* _Saved entries_:
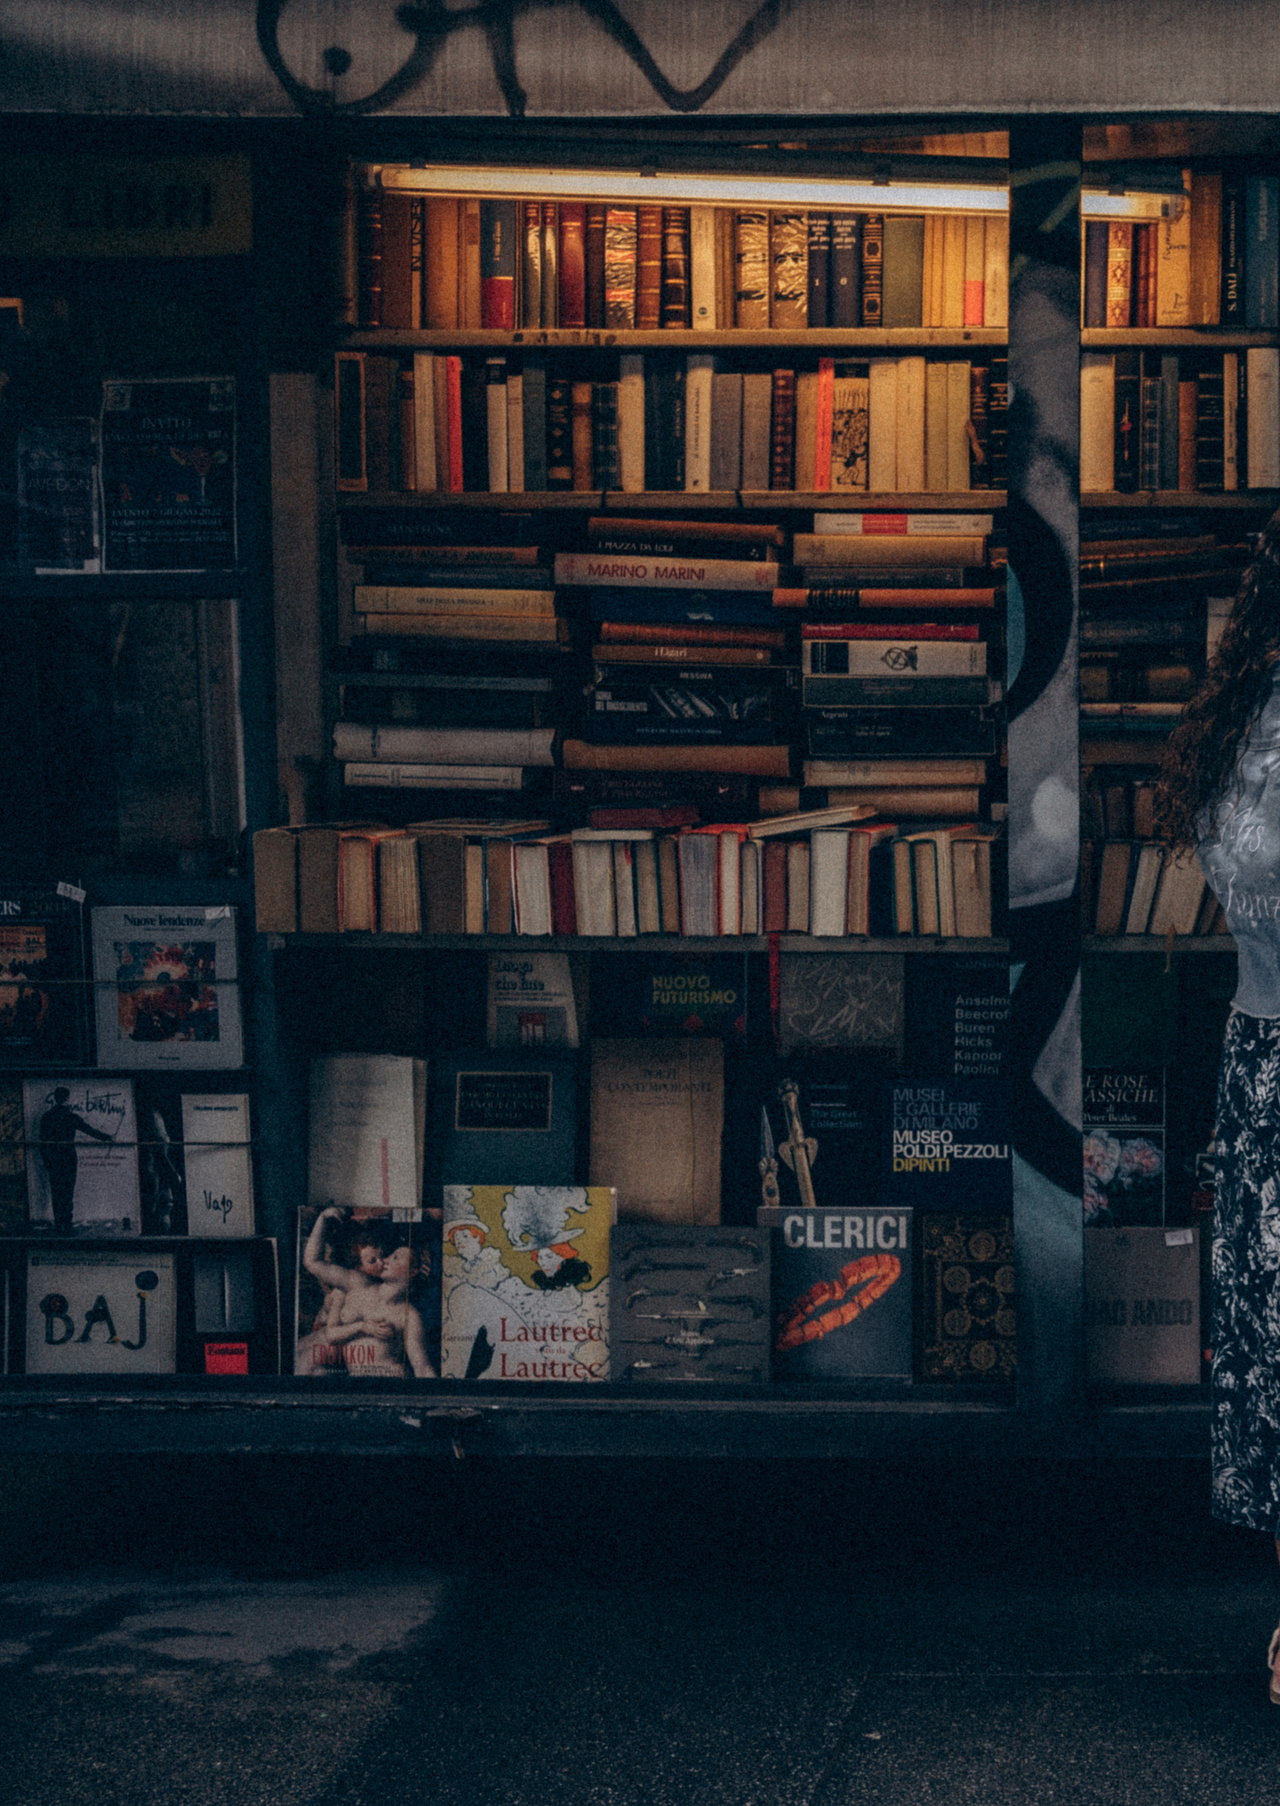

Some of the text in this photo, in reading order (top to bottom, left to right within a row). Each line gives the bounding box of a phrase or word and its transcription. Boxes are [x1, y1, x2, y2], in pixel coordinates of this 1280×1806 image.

[62, 182, 212, 229] LIBRI
[28, 476, 91, 492] AVEDON
[588, 563, 705, 581] MARINO MARINI
[123, 914, 205, 926] Nuove Tendenze
[652, 975, 710, 989] NUOVO
[652, 990, 737, 1005] FUTURISMO
[955, 1008, 1010, 1019] Beecrof
[955, 1022, 995, 1033] Buren
[955, 1036, 992, 1047] Hicks
[955, 1050, 1002, 1061] Kapoor
[955, 1063, 999, 1074] Paolini
[1102, 1074, 1148, 1089] ROSE
[893, 1088, 945, 1101] MUSEI
[1084, 1089, 1159, 1103] ASSICHE
[893, 1102, 982, 1116] E GALLERIE
[893, 1116, 979, 1130] DI MILANO
[892, 1130, 954, 1144] MUSEO
[892, 1144, 1009, 1159] POLDI PEZZOLI
[892, 1158, 950, 1172] DIPINTI
[783, 1214, 907, 1249] CLERICI
[1131, 1299, 1193, 1326] ANDO
[500, 1317, 603, 1342] Lautrec
[312, 1344, 375, 1365] EROTIKON
[500, 1353, 603, 1378] Lautrec
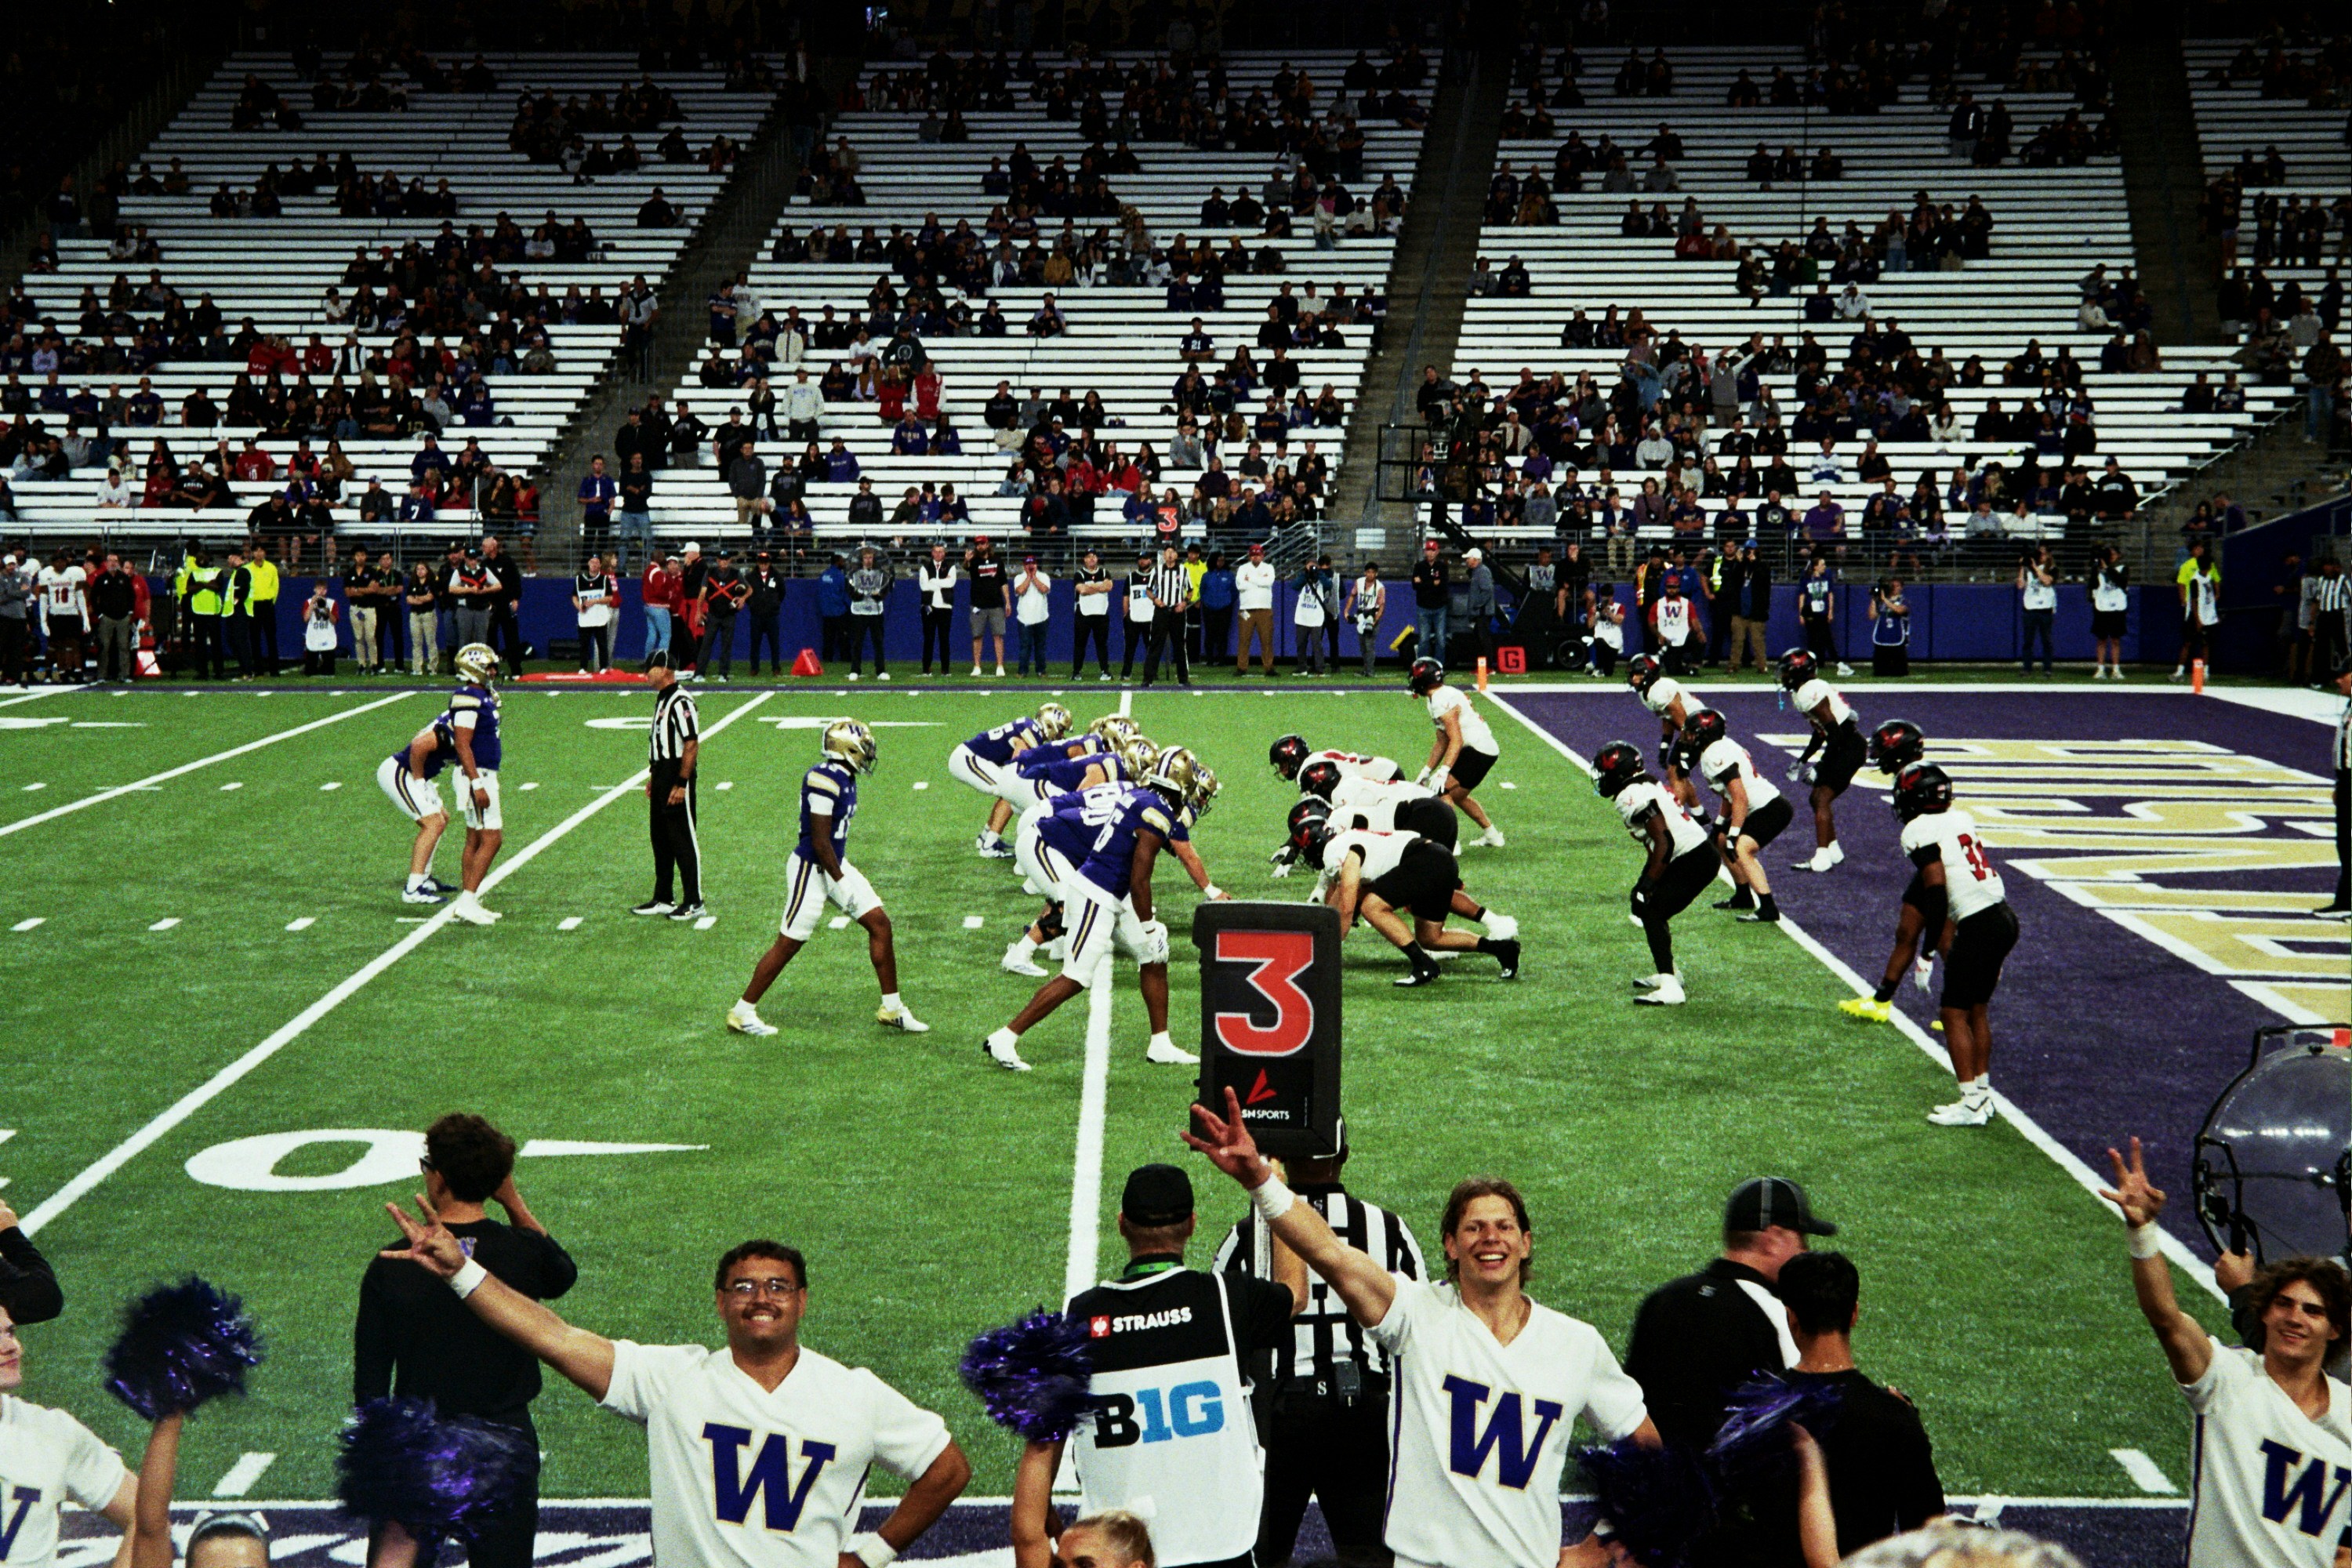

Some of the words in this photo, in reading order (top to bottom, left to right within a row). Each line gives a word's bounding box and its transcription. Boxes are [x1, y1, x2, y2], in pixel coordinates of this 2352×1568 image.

[411, 505, 419, 520] 7
[1157, 506, 1178, 532] 3
[1537, 570, 1553, 581] W
[1664, 606, 1682, 619] W
[1504, 651, 1520, 670] G
[1214, 930, 1314, 1057] 3
[1256, 1109, 1290, 1120] SPORTS
[1112, 1306, 1192, 1333] STRAUSS
[1317, 1381, 1327, 1396] S
[1440, 1374, 1564, 1490] W
[701, 1421, 837, 1533] W
[2259, 1437, 2351, 1538] W

* _About this task_: Could the data above be reproduced exactly, with the pictures left out?

* _Exercise answer_:
Some of the text in this photo, in reading order (top to bottom, left to right within a row). Each line gives the bounding box of a phrase or word and its transcription. Boxes are [x1, y1, x2, y2], in pixel coordinates of this 1280×1806 image.

[62, 182, 212, 229] LIBRI
[28, 476, 91, 492] AVEDON
[588, 563, 705, 581] MARINO MARINI
[123, 914, 205, 926] Nuove Tendenze
[652, 975, 710, 989] NUOVO
[652, 990, 737, 1005] FUTURISMO
[955, 1008, 1010, 1019] Beecrof
[955, 1022, 995, 1033] Buren
[955, 1036, 992, 1047] Hicks
[955, 1050, 1002, 1061] Kapoor
[955, 1063, 999, 1074] Paolini
[1102, 1074, 1148, 1089] ROSE
[893, 1088, 945, 1101] MUSEI
[1084, 1089, 1159, 1103] ASSICHE
[893, 1102, 982, 1116] E GALLERIE
[893, 1116, 979, 1130] DI MILANO
[892, 1130, 954, 1144] MUSEO
[892, 1144, 1009, 1159] POLDI PEZZOLI
[892, 1158, 950, 1172] DIPINTI
[783, 1214, 907, 1249] CLERICI
[1131, 1299, 1193, 1326] ANDO
[500, 1317, 603, 1342] Lautrec
[312, 1344, 375, 1365] EROTIKON
[500, 1353, 603, 1378] Lautrec

Some of the words in this photo, in reading order (top to bottom, left to right within a row). Each line gives a word's bounding box and its transcription. Boxes are [x1, y1, x2, y2], in pixel coordinates of this 2352×1568 image.

[411, 505, 419, 520] 7
[1157, 506, 1178, 532] 3
[1537, 570, 1553, 581] W
[1664, 606, 1682, 619] W
[1504, 651, 1520, 670] G
[1214, 930, 1314, 1057] 3
[1256, 1109, 1290, 1120] SPORTS
[1112, 1306, 1192, 1333] STRAUSS
[1317, 1381, 1327, 1396] S
[1440, 1374, 1564, 1490] W
[701, 1421, 837, 1533] W
[2259, 1437, 2351, 1538] W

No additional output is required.